Exercise inputs:
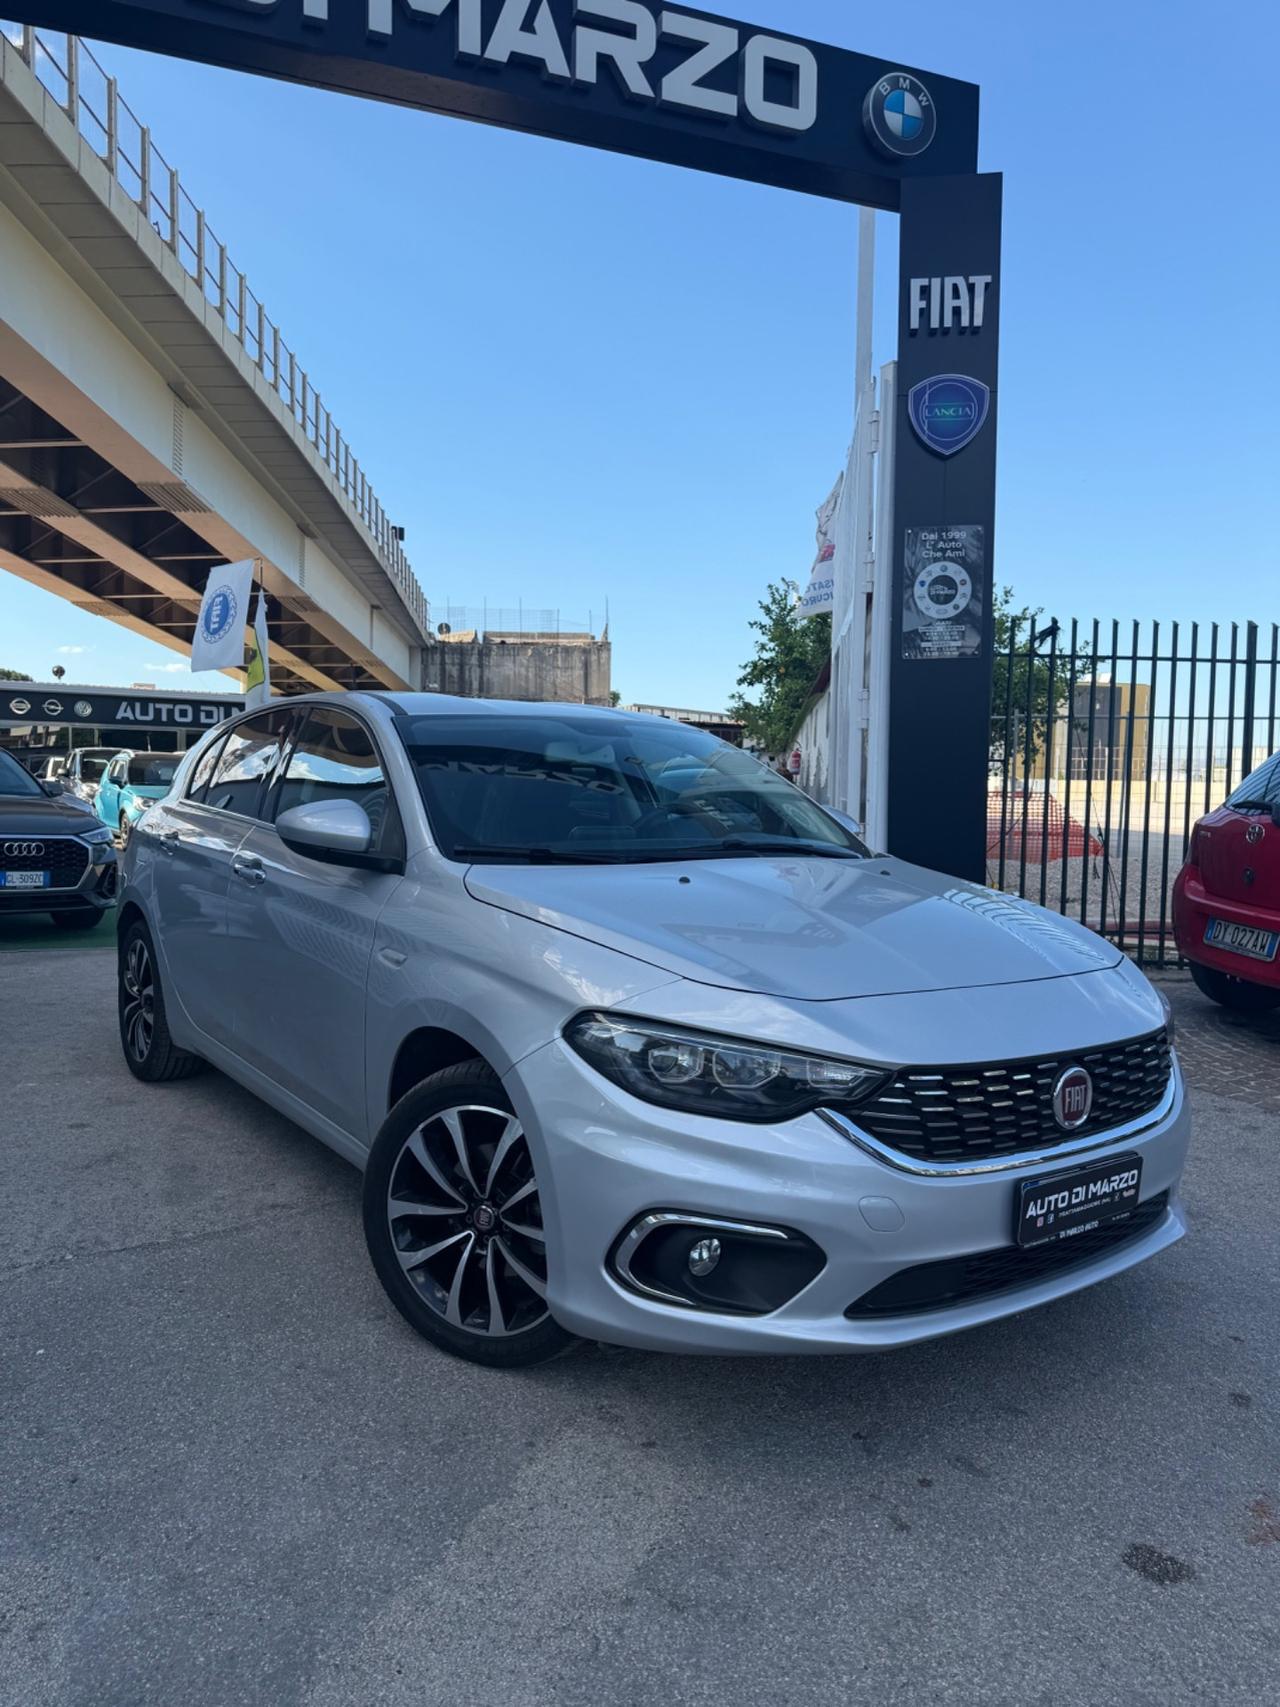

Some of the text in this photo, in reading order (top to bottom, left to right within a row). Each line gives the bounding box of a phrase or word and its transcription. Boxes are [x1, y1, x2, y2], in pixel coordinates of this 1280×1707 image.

[879, 77, 929, 106] BMW
[909, 275, 992, 330] FIAT
[925, 407, 972, 417] LANCIA
[921, 530, 967, 541] Dal 1999
[938, 540, 962, 549] Auto
[922, 548, 966, 558] Che Ami
[115, 701, 194, 723] AUTO
[200, 705, 225, 724] DI
[1213, 921, 1270, 953] DY 027AW
[1065, 1084, 1086, 1113] FIAT
[1025, 1191, 1069, 1219] AUTO
[1071, 1185, 1087, 1205] DI
[1088, 1169, 1139, 1200] MARZO

Your assignment: An exact copy of the records above is wanted, with the pictures omitted.

Answer section:
Some of the text in this photo, in reading order (top to bottom, left to right within a row). Each line gives the bounding box of a phrase or word and its transcription. Boxes are [x1, y1, x2, y2], in pixel coordinates of this 1280×1707 image.

[879, 77, 929, 106] BMW
[909, 275, 992, 330] FIAT
[925, 407, 972, 417] LANCIA
[921, 530, 967, 541] Dal 1999
[938, 540, 962, 549] Auto
[922, 548, 966, 558] Che Ami
[115, 701, 194, 723] AUTO
[200, 705, 225, 724] DI
[1213, 921, 1270, 953] DY 027AW
[1065, 1084, 1086, 1113] FIAT
[1025, 1191, 1069, 1219] AUTO
[1071, 1185, 1087, 1205] DI
[1088, 1169, 1139, 1200] MARZO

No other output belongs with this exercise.